**Prompt:** Without including the pictures, copy out every line below.

(Stored dataset items)
-=-=-=-=-
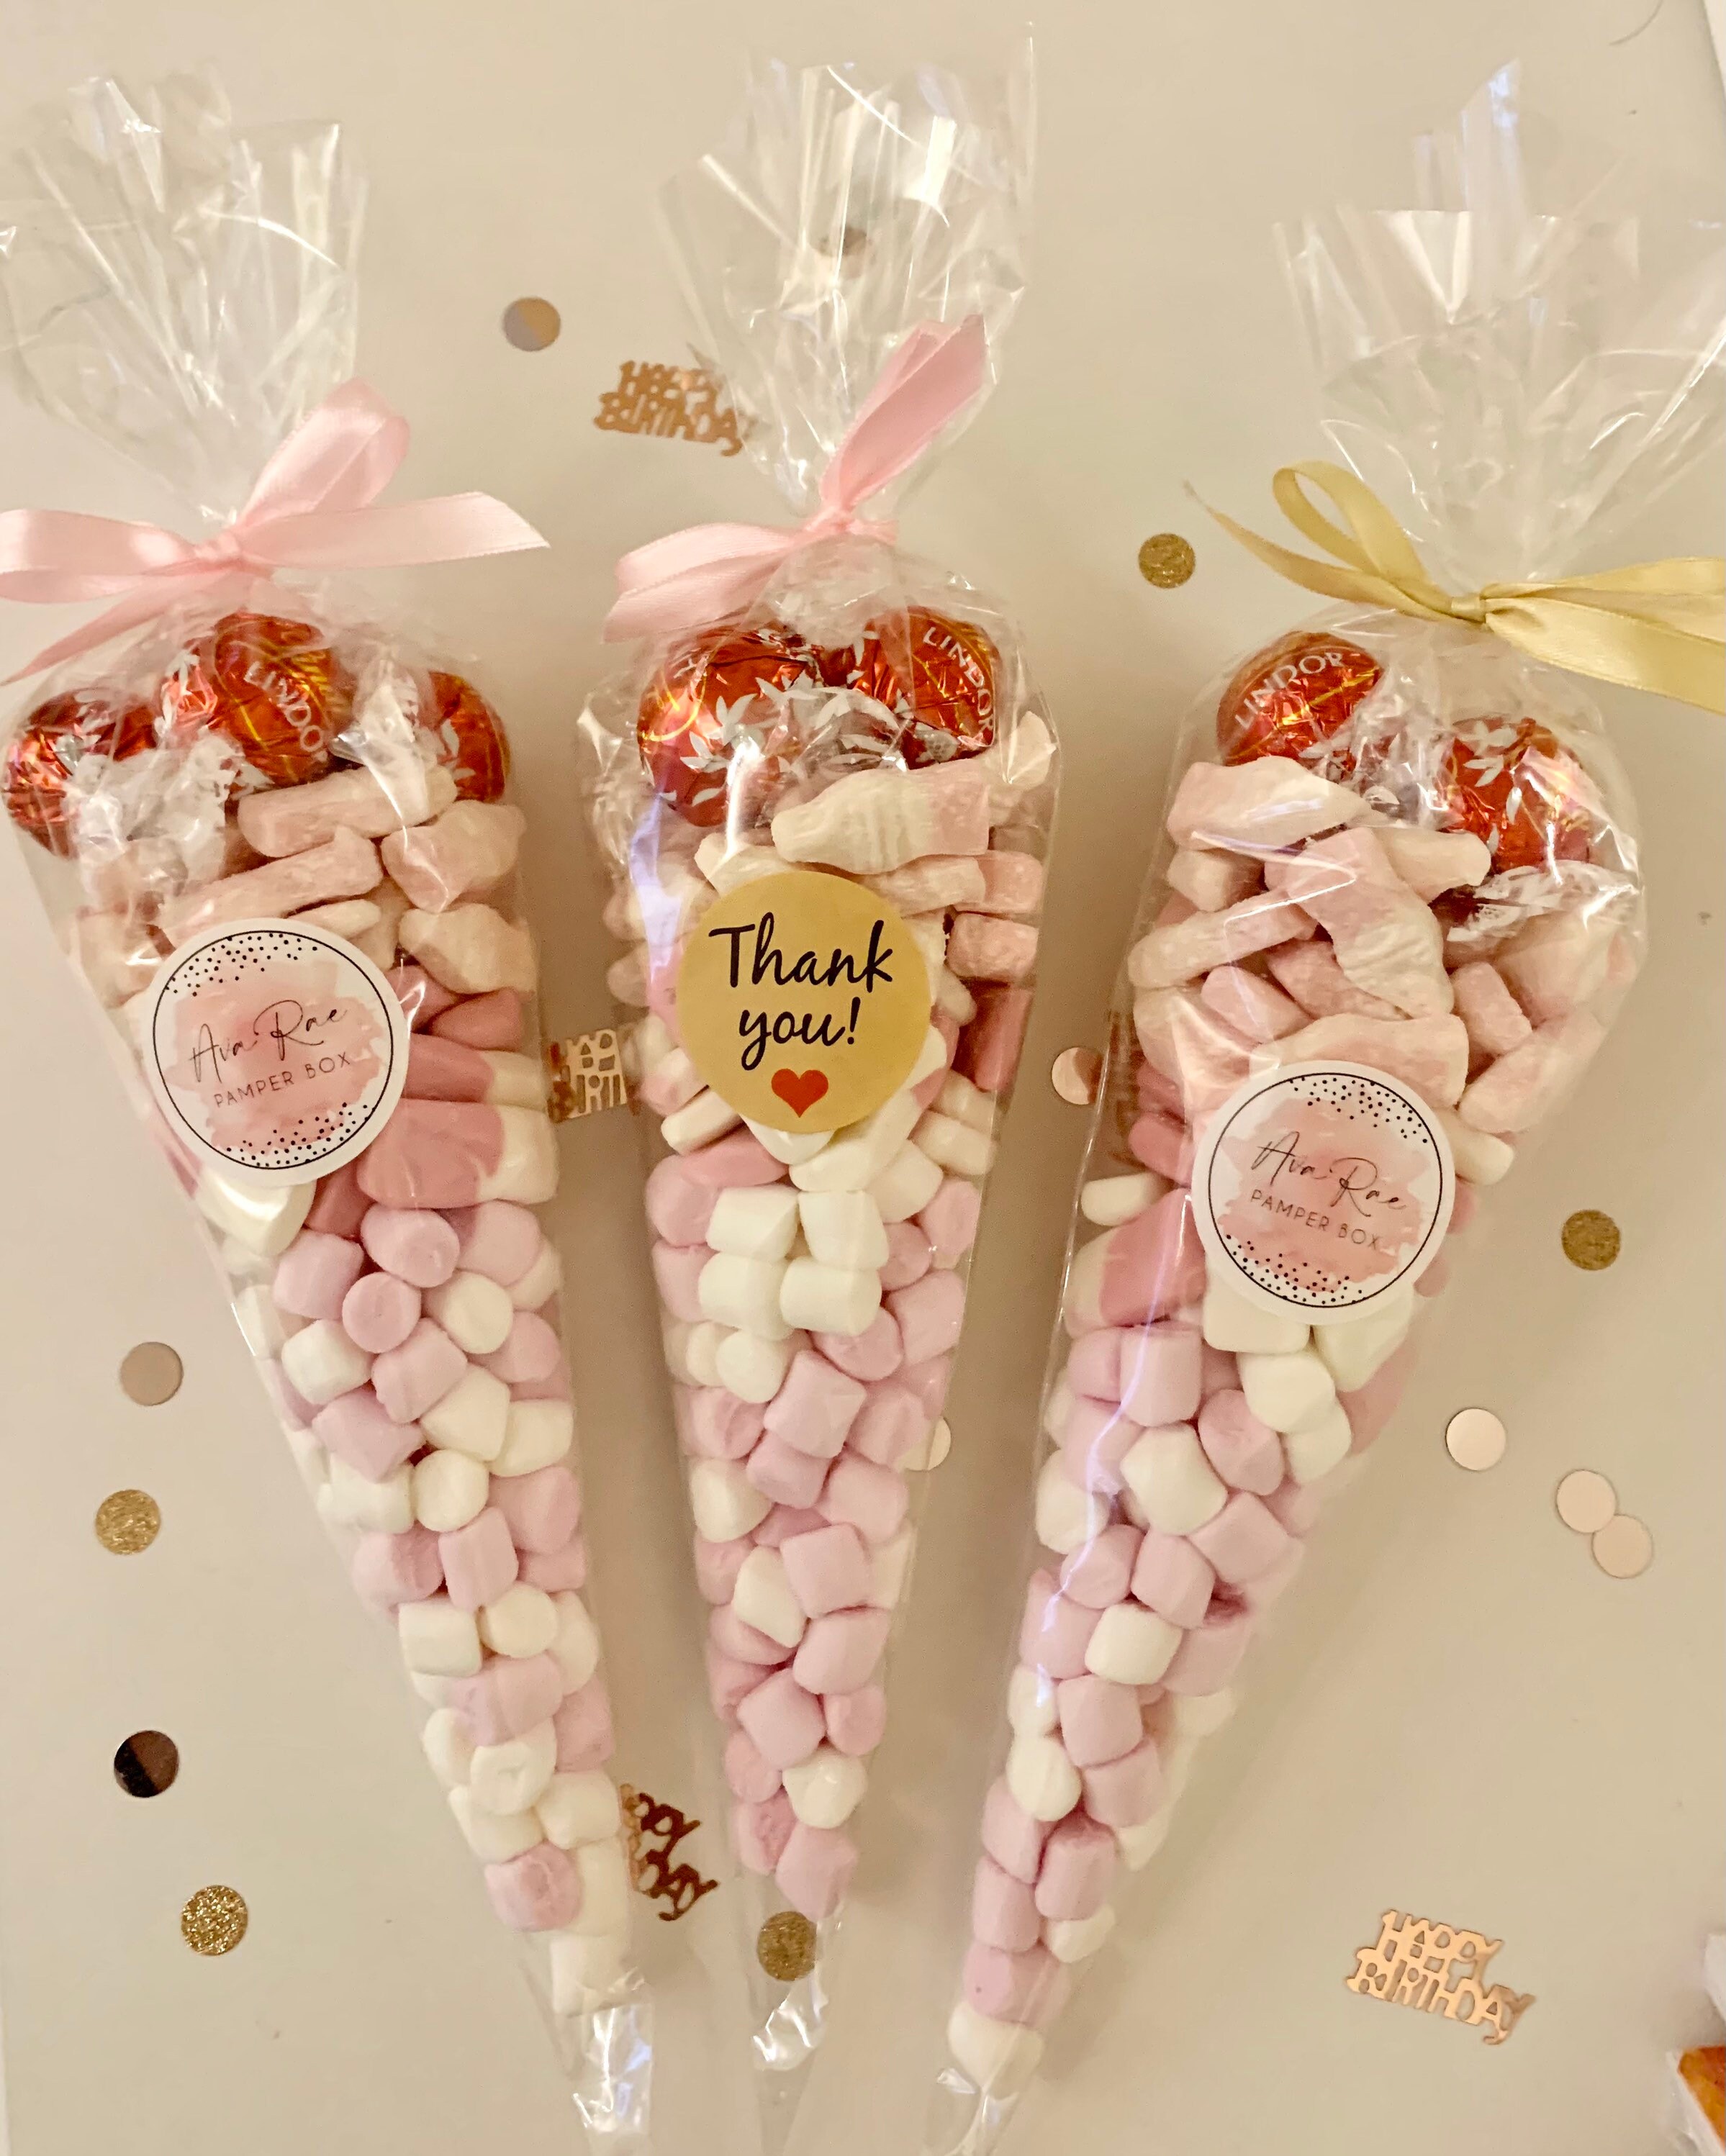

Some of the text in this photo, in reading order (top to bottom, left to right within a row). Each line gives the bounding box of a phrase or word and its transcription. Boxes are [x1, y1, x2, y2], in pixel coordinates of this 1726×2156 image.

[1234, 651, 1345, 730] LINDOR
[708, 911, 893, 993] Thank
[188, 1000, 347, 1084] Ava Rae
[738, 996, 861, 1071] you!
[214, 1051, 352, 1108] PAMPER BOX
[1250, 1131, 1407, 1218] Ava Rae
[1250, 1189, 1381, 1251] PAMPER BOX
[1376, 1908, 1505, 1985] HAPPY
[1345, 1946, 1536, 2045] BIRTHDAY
-=-=-=-=-
**Task output:**
Some of the text in this photo, in reading order (top to bottom, left to right within a row). Each line gives the bounding box of a phrase or word and its transcription. Boxes are [x1, y1, x2, y2], in pixel coordinates of this 1726×2156 image.

[1234, 651, 1345, 730] LINDOR
[708, 911, 893, 993] Thank
[188, 1000, 347, 1084] Ava Rae
[738, 996, 861, 1071] you!
[214, 1051, 352, 1108] PAMPER BOX
[1250, 1131, 1407, 1218] Ava Rae
[1250, 1189, 1381, 1251] PAMPER BOX
[1376, 1908, 1505, 1985] HAPPY
[1345, 1946, 1536, 2045] BIRTHDAY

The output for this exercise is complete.